Section 93(5)(a) of the RTRAA applies the provision about increasing rent when ‘at least one of the tenants responsible for the existing rent will be subject to the increase in rent;’. The first applicant was a tenant under the first and second agreements, enlivening the provision.
Are the applicants entitled to compensation
The tribunal has the power to make an order for compensation under section 420(1)(e) of the RTRAA, and to make an order for the payment of money under s. 420 (1)(b).
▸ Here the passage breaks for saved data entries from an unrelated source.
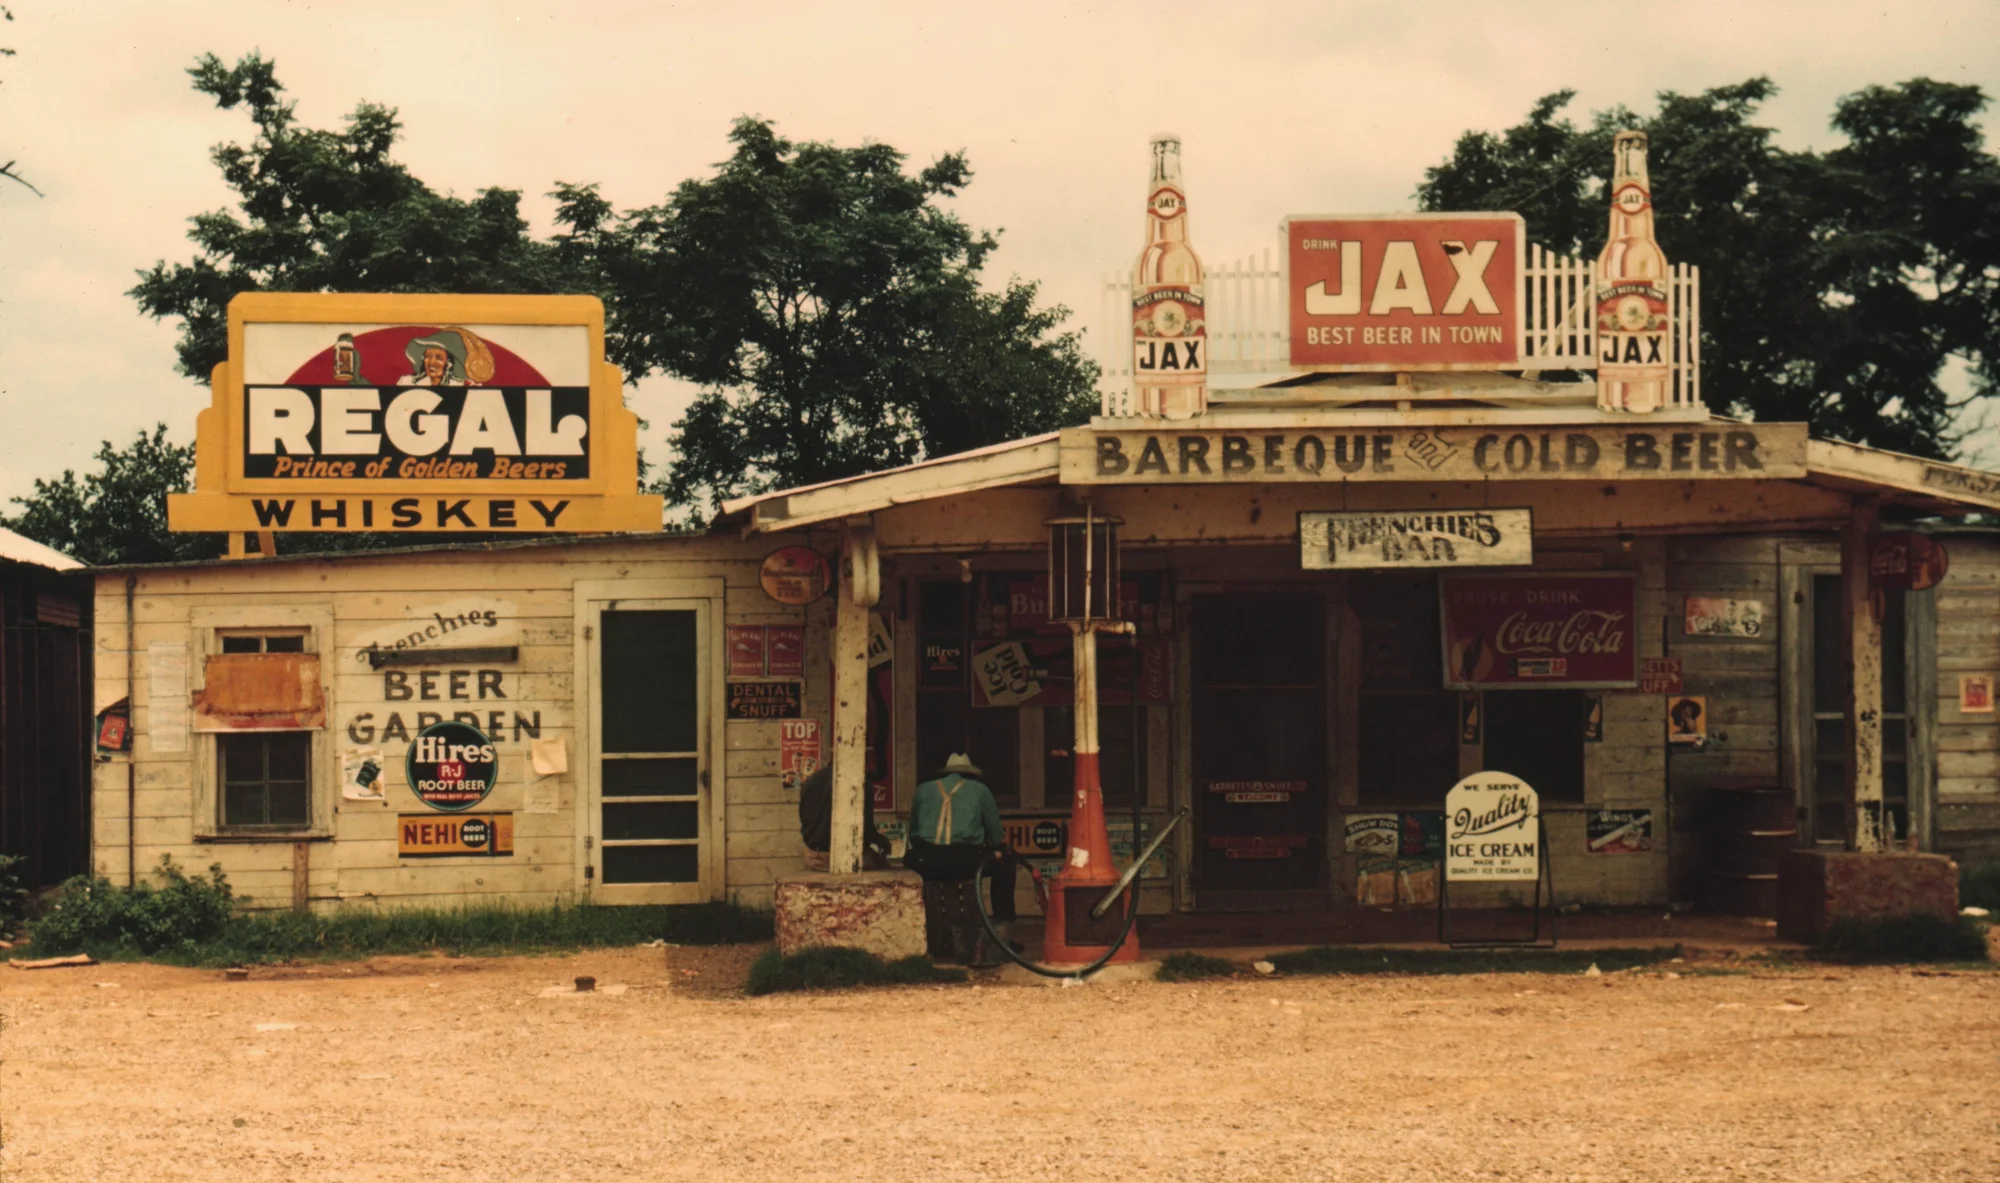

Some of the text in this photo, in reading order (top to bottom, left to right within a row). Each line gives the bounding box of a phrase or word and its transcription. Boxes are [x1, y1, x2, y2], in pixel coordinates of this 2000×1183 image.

[1303, 239, 1337, 250] DRINK
[1304, 239, 1502, 316] JAX
[1307, 326, 1502, 345] BEST BEER IN TOWN
[1139, 341, 1199, 369] JAX
[1603, 336, 1661, 363] JAX
[248, 388, 588, 456] REGAL
[1095, 431, 1763, 476] BARBEQUE and COLD BEER
[274, 457, 566, 479] Prince of Golden Beers
[252, 500, 570, 528] WHISKEY
[1382, 536, 1458, 562] BAR
[1526, 589, 1581, 604] DRINK
[1496, 610, 1626, 655] Coca-Cola
[927, 645, 960, 657] Hires
[384, 670, 508, 701] BEER
[733, 684, 794, 697] DENTAL
[984, 661, 1008, 697] Ice
[739, 704, 789, 717] SNUFF
[783, 722, 817, 739] TOP
[415, 736, 494, 763] Hires
[418, 780, 486, 791] ROOT BEER
[1347, 820, 1377, 834] SHOW
[1451, 794, 1531, 839] Quality
[404, 824, 457, 845] NEHI
[1449, 843, 1535, 857] ICE CREAM
420 Orders about breach of agreements
(1) If an application about a breach of a residential tenancy agreement or a rooming accommodation agreement is made to a tribunal, the tribunal may make any 1 or more of the following orders—
(a) an order restraining any action in breach of the agreement;
(b) an order for the payment of money;
(c) an order requiring an action in performance of the agreement;
(d) an order that a party to the agreement perform the work, or take the steps, stated in the order to remedy a breach of the agreement;
(e) an order for compensation;
(f) an order requiring payment of all or part of the rent under the agreement to the tribunal until—
(i) the whole or part of the agreement has been performed; or
(ii)an application for compensation has been decided;
(g) an order requiring payment (from rent paid to the tribunal) towards—
(i) the cost of remedying a breach of the agreement; or
(ii) an amount for compensation.
(2) An order under subsection (1)(a) may be made even if it provides a remedy in the nature of an injunction or order for specific performance in circumstances where the remedy would not otherwise be available. (emphasis added)
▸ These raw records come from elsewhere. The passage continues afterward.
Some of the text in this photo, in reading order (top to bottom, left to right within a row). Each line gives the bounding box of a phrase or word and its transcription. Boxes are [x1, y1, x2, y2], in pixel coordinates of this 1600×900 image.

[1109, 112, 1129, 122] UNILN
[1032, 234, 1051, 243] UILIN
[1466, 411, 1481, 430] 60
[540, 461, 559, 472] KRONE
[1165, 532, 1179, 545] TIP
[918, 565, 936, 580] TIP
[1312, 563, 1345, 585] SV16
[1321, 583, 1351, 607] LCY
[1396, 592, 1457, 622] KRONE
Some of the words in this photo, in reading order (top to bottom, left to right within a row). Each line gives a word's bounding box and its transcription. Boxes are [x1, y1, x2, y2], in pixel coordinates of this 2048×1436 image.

Section 52(1) of the RTRAA provides that duties and entitlements given to tenant or lessor under the Act is taken to be a term of the residential tenancy agreement. Therefore, the respondent’s breach of section 93(2) of the RTRAA is a breach of the first and second agreements. This makes the extra rent charged to the applicants to be without lawful basis.
It is for this reason that the applicants are entitled to compensation.
Orders
The Respondent must pay the Applicants the sum of $2000 compensation within 7 days of the date of this order.